## [Exercise brief]
An exact copy of every entry is needed, without the pictures.

## [Exercise data]

________________________

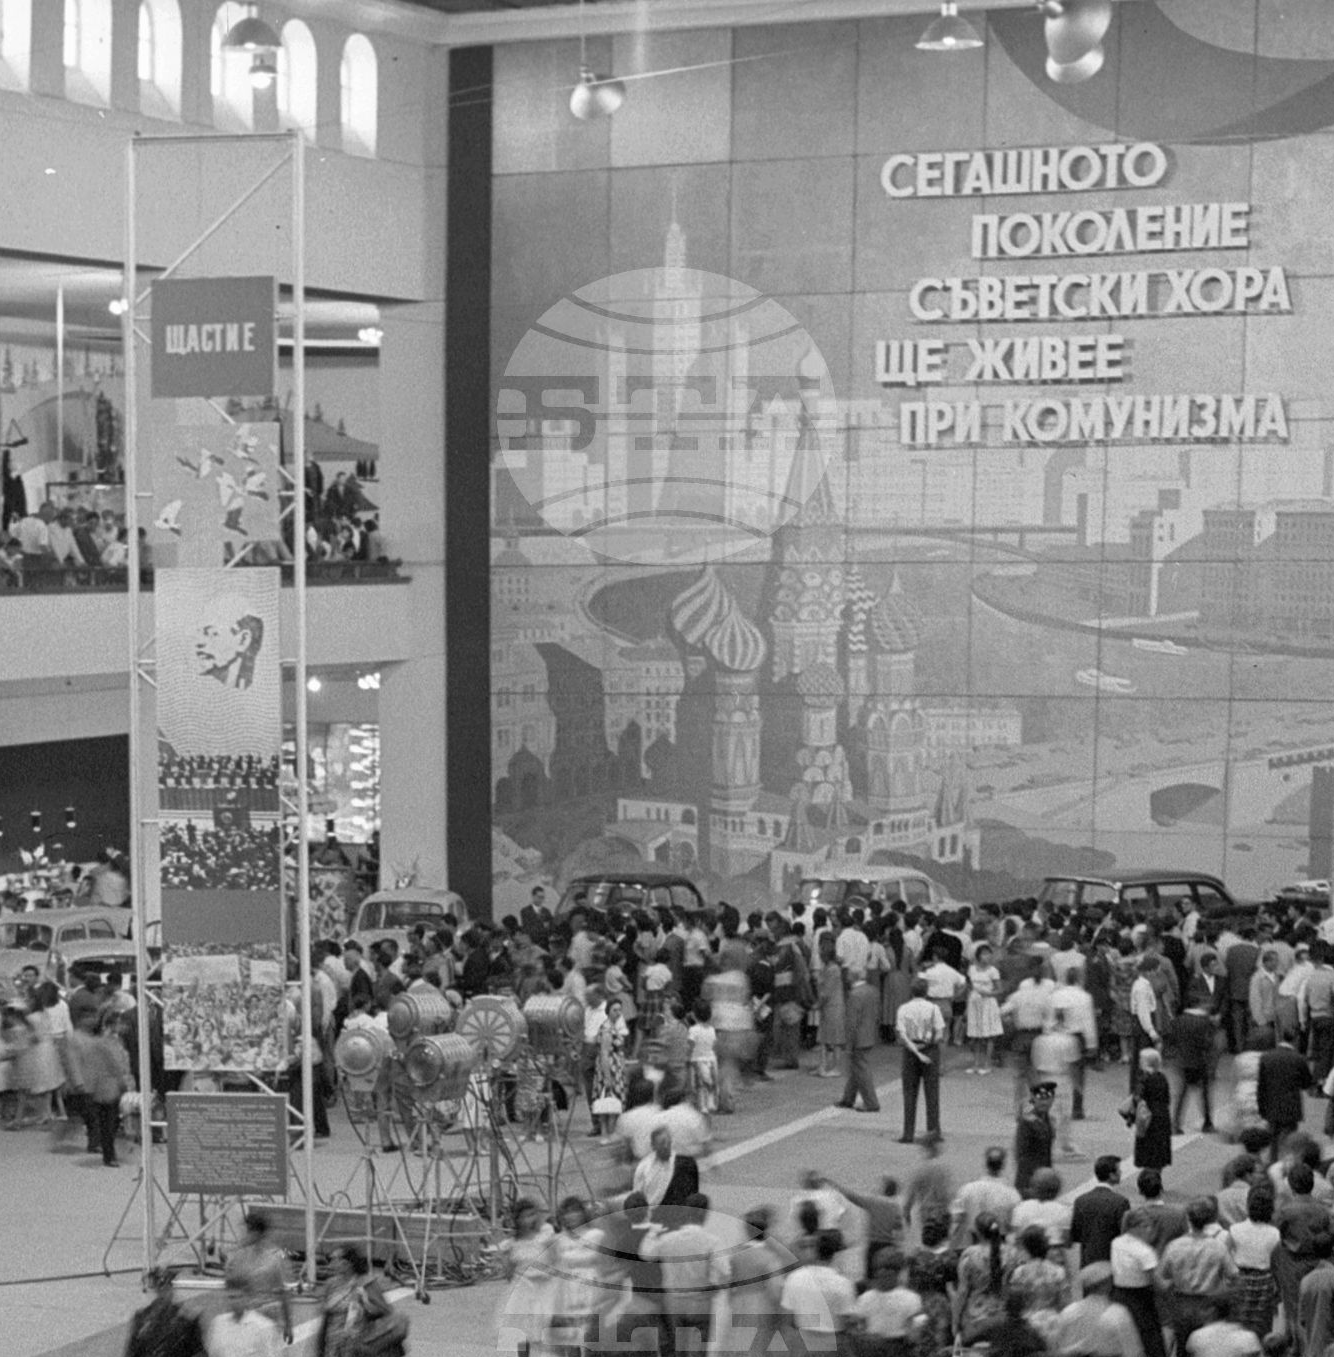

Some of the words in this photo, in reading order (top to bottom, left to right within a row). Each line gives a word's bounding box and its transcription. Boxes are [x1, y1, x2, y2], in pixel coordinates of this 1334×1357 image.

[880, 141, 1168, 198] СЕГАШНОТО
[971, 202, 1250, 258] ПОКОЛЕНИЕ
[909, 271, 1149, 321] СЪВЕТСКИ
[1165, 265, 1292, 314] ХОРА
[165, 321, 256, 355] ЩАСТИЕ
[875, 338, 945, 386] ЩЕ
[966, 334, 1125, 383] ЖИВЕЕ
[900, 400, 981, 445] ПРИ
[1003, 391, 1290, 443] КОМУНИЗМА

________________________

## [Answer box]
Some of the words in this photo, in reading order (top to bottom, left to right within a row). Each line gives a word's bounding box and its transcription. Boxes are [x1, y1, x2, y2], in pixel coordinates of this 1334×1357 image.

[880, 141, 1168, 198] СЕГАШНОТО
[971, 202, 1250, 258] ПОКОЛЕНИЕ
[909, 271, 1149, 321] СЪВЕТСКИ
[1165, 265, 1292, 314] ХОРА
[165, 321, 256, 355] ЩАСТИЕ
[875, 338, 945, 386] ЩЕ
[966, 334, 1125, 383] ЖИВЕЕ
[900, 400, 981, 445] ПРИ
[1003, 391, 1290, 443] КОМУНИЗМА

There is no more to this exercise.